Relations between the two South Asian nations have deteriorated sharply following an attack on April 22 in Pahalgam, a tourist hotspot in Indian-administered Kashmir, which killed 26 people.

New Delhi blamed Islamabad for backing the assault, but Pakistan denied any involvement and called for an independent investigation while warning India against any escalation.

Tarrar issued the warning in a video statement, hours after Indian Prime Minister Narendra Modi met with his top military commanders alongside the country’s defense minister and national security adviser, reportedly granting them “operational freedom” to respond to last week’s attack.

“Pakistan has credible intelligence that India intends carrying out military action against Pakistan in the next 24 to 36 hours on the pretext of baseless and concocted allegations of involvement in the Pahalgam incident,” he said.

“Indian self-assumed hubristic role of judge, jury, and executioner in the region is reckless and vehemently rejected,” he added.

Tarrar reiterated that Pakistan had itself suffered from militancy and “always condemned terrorism in all its forms and manifestations anywhere in the world.”

He said Islamabad had proposed a credible and transparent probe by a neutral commission of experts to ascertain facts around the Pahalgam attack, but “India had decided to tread the path of confrontation.”

“Evasion of credible investigation is in itself sufficient evidence exposing India’s real motives, consciously making strategic decisions hostage to public sentiments purposefully trumped up for securing political objectives is unfortunate and deplorable,” he said.
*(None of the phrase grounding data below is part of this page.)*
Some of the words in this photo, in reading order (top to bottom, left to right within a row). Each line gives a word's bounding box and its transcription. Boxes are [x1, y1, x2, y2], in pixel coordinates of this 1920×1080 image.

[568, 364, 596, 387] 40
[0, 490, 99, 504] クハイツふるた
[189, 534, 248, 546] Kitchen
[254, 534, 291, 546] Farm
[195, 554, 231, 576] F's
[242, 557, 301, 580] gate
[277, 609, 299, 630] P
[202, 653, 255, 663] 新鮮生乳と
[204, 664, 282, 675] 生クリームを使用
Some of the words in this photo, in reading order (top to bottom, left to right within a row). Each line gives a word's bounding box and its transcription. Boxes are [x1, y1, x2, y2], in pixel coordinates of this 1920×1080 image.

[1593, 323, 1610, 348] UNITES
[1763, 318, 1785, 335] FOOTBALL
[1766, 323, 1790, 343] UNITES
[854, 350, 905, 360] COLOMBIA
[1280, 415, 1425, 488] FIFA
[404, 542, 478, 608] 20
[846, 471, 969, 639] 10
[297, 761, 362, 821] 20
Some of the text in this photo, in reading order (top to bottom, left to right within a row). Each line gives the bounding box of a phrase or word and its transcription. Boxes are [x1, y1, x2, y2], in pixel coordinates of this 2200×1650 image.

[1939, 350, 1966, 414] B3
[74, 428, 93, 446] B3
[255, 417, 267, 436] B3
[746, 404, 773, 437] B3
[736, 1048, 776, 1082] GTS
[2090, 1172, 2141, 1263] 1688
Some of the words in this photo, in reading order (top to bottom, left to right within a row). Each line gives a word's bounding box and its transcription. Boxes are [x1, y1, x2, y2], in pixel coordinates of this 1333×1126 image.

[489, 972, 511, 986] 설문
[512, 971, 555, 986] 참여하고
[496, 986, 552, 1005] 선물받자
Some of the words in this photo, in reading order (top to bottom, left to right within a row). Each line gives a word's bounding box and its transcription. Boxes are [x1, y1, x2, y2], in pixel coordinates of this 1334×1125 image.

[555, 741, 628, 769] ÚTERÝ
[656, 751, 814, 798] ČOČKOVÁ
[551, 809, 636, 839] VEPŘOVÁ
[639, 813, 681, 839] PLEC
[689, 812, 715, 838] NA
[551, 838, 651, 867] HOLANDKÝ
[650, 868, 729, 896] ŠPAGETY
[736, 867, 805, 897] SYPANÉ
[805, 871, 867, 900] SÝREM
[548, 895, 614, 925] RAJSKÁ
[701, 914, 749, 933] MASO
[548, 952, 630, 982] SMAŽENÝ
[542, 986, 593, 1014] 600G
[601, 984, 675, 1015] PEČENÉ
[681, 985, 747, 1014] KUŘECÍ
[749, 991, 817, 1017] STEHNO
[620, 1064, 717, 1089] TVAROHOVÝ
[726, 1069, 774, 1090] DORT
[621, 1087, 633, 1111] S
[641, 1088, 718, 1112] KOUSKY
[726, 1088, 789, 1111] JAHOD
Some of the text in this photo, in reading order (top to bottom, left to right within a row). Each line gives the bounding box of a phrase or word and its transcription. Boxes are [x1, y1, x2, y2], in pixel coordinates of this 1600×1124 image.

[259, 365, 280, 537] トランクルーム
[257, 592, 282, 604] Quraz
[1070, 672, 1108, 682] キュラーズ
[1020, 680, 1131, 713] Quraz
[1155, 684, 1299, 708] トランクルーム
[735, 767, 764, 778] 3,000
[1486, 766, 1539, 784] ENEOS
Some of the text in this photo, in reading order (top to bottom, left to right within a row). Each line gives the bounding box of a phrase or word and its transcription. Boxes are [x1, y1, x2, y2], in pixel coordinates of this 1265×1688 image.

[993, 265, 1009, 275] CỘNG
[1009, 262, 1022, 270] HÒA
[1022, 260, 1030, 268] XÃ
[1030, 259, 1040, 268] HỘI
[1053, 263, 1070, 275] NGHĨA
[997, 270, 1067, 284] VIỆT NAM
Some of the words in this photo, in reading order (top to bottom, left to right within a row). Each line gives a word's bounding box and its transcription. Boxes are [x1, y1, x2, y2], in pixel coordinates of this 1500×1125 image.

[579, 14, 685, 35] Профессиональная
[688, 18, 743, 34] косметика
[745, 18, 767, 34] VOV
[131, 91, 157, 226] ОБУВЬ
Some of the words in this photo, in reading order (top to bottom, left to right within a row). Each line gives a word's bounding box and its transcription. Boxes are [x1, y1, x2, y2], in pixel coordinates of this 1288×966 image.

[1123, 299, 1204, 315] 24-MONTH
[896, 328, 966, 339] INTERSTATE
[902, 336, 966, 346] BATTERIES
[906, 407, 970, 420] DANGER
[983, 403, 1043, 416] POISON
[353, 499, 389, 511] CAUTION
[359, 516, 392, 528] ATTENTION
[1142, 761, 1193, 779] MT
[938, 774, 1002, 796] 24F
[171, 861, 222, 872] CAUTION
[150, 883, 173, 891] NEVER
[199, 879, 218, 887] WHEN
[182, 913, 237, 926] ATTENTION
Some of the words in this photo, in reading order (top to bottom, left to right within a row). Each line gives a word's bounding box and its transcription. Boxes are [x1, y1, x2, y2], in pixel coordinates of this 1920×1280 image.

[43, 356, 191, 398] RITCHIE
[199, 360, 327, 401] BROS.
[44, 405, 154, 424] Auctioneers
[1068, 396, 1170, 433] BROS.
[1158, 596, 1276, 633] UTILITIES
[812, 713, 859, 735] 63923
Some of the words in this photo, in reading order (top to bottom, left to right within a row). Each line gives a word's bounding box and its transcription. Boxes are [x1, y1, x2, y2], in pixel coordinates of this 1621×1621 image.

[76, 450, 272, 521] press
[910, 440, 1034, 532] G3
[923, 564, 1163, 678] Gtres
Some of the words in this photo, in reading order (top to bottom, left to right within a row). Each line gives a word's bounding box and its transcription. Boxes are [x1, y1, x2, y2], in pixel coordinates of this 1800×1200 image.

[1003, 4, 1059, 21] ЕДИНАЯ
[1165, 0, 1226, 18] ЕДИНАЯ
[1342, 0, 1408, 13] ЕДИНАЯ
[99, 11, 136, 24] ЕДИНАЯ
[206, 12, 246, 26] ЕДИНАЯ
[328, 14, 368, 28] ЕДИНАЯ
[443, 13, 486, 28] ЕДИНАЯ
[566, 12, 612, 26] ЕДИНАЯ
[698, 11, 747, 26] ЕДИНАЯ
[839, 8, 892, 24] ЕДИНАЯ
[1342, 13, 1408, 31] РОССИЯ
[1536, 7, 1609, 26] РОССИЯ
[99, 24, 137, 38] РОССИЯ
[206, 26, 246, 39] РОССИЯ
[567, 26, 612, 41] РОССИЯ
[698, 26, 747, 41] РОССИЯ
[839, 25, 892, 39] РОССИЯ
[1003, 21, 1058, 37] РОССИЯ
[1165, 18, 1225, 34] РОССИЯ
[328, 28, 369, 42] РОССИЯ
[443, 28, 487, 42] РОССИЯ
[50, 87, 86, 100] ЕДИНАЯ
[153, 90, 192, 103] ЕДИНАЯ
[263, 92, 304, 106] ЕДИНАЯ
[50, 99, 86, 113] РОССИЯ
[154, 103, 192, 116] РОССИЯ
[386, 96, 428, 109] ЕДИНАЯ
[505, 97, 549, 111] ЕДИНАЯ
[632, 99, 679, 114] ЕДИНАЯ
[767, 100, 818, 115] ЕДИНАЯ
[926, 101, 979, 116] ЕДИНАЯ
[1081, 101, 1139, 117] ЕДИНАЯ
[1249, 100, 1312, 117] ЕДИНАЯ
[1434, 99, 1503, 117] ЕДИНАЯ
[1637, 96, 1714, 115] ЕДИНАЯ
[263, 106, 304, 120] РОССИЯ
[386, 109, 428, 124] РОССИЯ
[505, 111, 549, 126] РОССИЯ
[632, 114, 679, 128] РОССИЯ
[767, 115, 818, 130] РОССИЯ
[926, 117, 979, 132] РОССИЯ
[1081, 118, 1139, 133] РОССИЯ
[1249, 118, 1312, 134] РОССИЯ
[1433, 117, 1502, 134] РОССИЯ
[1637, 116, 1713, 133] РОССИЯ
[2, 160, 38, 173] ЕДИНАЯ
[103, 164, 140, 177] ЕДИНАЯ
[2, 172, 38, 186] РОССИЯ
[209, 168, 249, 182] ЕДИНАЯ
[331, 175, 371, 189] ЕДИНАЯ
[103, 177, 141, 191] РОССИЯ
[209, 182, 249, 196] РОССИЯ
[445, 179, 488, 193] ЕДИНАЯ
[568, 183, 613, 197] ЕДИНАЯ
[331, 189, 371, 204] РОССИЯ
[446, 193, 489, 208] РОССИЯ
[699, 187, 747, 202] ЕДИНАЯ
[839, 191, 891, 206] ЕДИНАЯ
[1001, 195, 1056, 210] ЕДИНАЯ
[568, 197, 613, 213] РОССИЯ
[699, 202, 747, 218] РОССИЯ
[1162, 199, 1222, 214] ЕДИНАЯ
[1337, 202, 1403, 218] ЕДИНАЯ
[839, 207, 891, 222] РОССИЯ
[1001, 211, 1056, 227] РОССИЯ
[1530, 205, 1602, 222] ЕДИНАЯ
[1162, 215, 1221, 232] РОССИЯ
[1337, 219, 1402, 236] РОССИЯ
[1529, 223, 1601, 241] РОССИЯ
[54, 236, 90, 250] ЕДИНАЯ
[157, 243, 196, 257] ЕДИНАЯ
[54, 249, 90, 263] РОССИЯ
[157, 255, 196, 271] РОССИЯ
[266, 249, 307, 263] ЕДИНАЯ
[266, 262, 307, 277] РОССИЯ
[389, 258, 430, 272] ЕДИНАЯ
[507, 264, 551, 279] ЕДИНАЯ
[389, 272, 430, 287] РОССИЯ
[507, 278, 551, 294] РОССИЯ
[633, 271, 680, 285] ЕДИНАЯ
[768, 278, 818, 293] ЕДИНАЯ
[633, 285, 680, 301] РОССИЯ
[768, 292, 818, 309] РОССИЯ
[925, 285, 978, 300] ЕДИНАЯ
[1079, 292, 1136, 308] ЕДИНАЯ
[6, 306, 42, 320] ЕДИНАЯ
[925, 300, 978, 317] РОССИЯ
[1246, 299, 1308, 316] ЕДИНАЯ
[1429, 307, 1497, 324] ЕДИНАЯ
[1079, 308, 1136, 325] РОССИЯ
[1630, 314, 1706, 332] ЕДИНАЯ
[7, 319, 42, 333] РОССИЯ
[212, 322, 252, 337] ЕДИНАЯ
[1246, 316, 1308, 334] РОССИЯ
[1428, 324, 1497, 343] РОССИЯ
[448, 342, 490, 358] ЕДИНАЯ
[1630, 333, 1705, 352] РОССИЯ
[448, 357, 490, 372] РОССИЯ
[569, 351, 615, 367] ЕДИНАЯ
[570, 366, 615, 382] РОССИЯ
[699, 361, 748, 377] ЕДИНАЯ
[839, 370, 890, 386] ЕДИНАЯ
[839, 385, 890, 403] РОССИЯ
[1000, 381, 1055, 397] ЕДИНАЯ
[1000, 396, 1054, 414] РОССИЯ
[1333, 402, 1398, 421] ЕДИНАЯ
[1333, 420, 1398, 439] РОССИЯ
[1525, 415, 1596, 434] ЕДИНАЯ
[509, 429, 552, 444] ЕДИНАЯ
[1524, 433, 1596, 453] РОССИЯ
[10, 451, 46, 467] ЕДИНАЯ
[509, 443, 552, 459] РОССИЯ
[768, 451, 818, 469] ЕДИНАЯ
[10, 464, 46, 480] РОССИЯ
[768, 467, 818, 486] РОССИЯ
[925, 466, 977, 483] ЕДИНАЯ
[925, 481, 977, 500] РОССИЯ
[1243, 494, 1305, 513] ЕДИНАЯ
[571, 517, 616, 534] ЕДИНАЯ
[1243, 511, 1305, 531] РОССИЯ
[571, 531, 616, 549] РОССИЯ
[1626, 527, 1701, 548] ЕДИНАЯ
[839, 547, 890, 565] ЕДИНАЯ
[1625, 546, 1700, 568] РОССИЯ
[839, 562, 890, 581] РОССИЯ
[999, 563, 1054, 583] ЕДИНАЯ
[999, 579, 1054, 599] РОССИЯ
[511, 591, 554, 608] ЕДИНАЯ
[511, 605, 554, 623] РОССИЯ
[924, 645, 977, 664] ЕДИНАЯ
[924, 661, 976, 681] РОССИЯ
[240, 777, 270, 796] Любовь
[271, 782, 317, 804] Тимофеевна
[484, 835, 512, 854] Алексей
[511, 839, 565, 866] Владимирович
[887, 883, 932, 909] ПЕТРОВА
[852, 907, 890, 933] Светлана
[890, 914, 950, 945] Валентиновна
“Pakistan reiterates that any such military adventurism by India would be responded to assuredly and decisively,” he added. “The international community must remain alive to the reality that the onus of escalatory spiral and its ensuing consequences shall squarely lie with India.”


Meanwhile, the United States said it was closely monitoring the situation and had reached out to both governments.

“We’re also monitoring the developments across the board in that region, and we ... are in touch with the governments of India and Pakistan, not just at the foreign minister level, certainly, but at multiple levels,” State Department spokesperson Tammy Bruce said during a media briefing.

“The Secretary [of State Marco Rubio] expects to speak with the foreign ministers of Pakistan and India as early as today or tomorrow,” she added. “He is encouraging other national leaders, other foreign ministers, to also reach out to the countries on this issue.”

On Friday, US President Donald Trump had sought to downplay the tensions, saying tensions over Kashmir had lingered for a significantly long period and the matter would be “figured out, one way or another.”